Material for this task:

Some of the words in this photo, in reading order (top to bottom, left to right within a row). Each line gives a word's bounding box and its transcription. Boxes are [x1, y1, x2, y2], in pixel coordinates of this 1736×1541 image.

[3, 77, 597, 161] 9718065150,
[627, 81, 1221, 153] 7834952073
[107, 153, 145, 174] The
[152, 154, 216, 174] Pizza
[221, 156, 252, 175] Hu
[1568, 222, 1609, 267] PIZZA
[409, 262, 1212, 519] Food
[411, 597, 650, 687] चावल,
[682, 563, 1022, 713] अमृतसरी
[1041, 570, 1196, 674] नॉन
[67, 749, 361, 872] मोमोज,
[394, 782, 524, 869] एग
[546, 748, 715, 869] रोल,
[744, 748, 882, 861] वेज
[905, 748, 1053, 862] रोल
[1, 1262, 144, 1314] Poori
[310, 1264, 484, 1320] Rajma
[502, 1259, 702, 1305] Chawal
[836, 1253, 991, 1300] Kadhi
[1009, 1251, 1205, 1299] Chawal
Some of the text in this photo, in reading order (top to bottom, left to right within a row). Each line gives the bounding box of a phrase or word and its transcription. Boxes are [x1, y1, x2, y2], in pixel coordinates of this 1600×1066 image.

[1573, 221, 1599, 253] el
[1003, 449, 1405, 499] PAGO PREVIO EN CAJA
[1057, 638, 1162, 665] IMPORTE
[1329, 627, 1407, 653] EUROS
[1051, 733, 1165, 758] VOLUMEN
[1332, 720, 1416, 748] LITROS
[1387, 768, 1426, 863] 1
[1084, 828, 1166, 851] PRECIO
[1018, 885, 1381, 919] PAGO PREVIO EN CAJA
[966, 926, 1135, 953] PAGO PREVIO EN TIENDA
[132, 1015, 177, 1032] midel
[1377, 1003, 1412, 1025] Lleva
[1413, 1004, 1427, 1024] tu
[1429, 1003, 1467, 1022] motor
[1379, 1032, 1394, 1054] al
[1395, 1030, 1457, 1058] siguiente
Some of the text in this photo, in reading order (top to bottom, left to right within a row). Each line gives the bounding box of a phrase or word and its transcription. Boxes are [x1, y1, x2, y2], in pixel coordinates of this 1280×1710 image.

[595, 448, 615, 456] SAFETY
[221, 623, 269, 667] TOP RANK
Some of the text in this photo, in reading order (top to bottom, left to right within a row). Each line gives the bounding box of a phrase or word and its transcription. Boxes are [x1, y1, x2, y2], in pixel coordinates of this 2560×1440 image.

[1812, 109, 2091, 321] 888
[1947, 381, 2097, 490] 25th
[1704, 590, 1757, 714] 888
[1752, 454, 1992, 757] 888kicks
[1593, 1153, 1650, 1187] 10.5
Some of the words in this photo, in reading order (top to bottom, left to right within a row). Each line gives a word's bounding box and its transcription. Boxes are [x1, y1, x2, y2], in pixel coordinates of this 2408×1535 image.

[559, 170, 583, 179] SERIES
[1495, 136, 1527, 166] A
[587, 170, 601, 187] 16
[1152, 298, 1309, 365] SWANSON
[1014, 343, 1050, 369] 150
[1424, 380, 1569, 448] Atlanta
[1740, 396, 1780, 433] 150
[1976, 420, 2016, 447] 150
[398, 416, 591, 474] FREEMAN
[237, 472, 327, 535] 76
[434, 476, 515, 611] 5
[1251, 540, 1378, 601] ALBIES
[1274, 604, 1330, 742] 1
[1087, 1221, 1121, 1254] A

Problem to work on: Word for word, copy all of the listing above.

Output for this exercise:
Some of the words in this photo, in reading order (top to bottom, left to right within a row). Each line gives a word's bounding box and its transcription. Boxes are [x1, y1, x2, y2], in pixel coordinates of this 1736×1541 image.

[3, 77, 597, 161] 9718065150,
[627, 81, 1221, 153] 7834952073
[107, 153, 145, 174] The
[152, 154, 216, 174] Pizza
[221, 156, 252, 175] Hu
[1568, 222, 1609, 267] PIZZA
[409, 262, 1212, 519] Food
[411, 597, 650, 687] चावल,
[682, 563, 1022, 713] अमृतसरी
[1041, 570, 1196, 674] नॉन
[67, 749, 361, 872] मोमोज,
[394, 782, 524, 869] एग
[546, 748, 715, 869] रोल,
[744, 748, 882, 861] वेज
[905, 748, 1053, 862] रोल
[1, 1262, 144, 1314] Poori
[310, 1264, 484, 1320] Rajma
[502, 1259, 702, 1305] Chawal
[836, 1253, 991, 1300] Kadhi
[1009, 1251, 1205, 1299] Chawal
Some of the text in this photo, in reading order (top to bottom, left to right within a row). Each line gives the bounding box of a phrase or word and its transcription. Boxes are [x1, y1, x2, y2], in pixel coordinates of this 1600×1066 image.

[1573, 221, 1599, 253] el
[1003, 449, 1405, 499] PAGO PREVIO EN CAJA
[1057, 638, 1162, 665] IMPORTE
[1329, 627, 1407, 653] EUROS
[1051, 733, 1165, 758] VOLUMEN
[1332, 720, 1416, 748] LITROS
[1387, 768, 1426, 863] 1
[1084, 828, 1166, 851] PRECIO
[1018, 885, 1381, 919] PAGO PREVIO EN CAJA
[966, 926, 1135, 953] PAGO PREVIO EN TIENDA
[132, 1015, 177, 1032] midel
[1377, 1003, 1412, 1025] Lleva
[1413, 1004, 1427, 1024] tu
[1429, 1003, 1467, 1022] motor
[1379, 1032, 1394, 1054] al
[1395, 1030, 1457, 1058] siguiente
Some of the text in this photo, in reading order (top to bottom, left to right within a row). Each line gives the bounding box of a phrase or word and its transcription. Boxes are [x1, y1, x2, y2], in pixel coordinates of this 1280×1710 image.

[595, 448, 615, 456] SAFETY
[221, 623, 269, 667] TOP RANK
Some of the text in this photo, in reading order (top to bottom, left to right within a row). Each line gives the bounding box of a phrase or word and its transcription. Boxes are [x1, y1, x2, y2], in pixel coordinates of this 2560×1440 image.

[1812, 109, 2091, 321] 888
[1947, 381, 2097, 490] 25th
[1704, 590, 1757, 714] 888
[1752, 454, 1992, 757] 888kicks
[1593, 1153, 1650, 1187] 10.5
Some of the words in this photo, in reading order (top to bottom, left to right within a row). Each line gives a word's bounding box and its transcription. Boxes are [x1, y1, x2, y2], in pixel coordinates of this 2408×1535 image.

[559, 170, 583, 179] SERIES
[1495, 136, 1527, 166] A
[587, 170, 601, 187] 16
[1152, 298, 1309, 365] SWANSON
[1014, 343, 1050, 369] 150
[1424, 380, 1569, 448] Atlanta
[1740, 396, 1780, 433] 150
[1976, 420, 2016, 447] 150
[398, 416, 591, 474] FREEMAN
[237, 472, 327, 535] 76
[434, 476, 515, 611] 5
[1251, 540, 1378, 601] ALBIES
[1274, 604, 1330, 742] 1
[1087, 1221, 1121, 1254] A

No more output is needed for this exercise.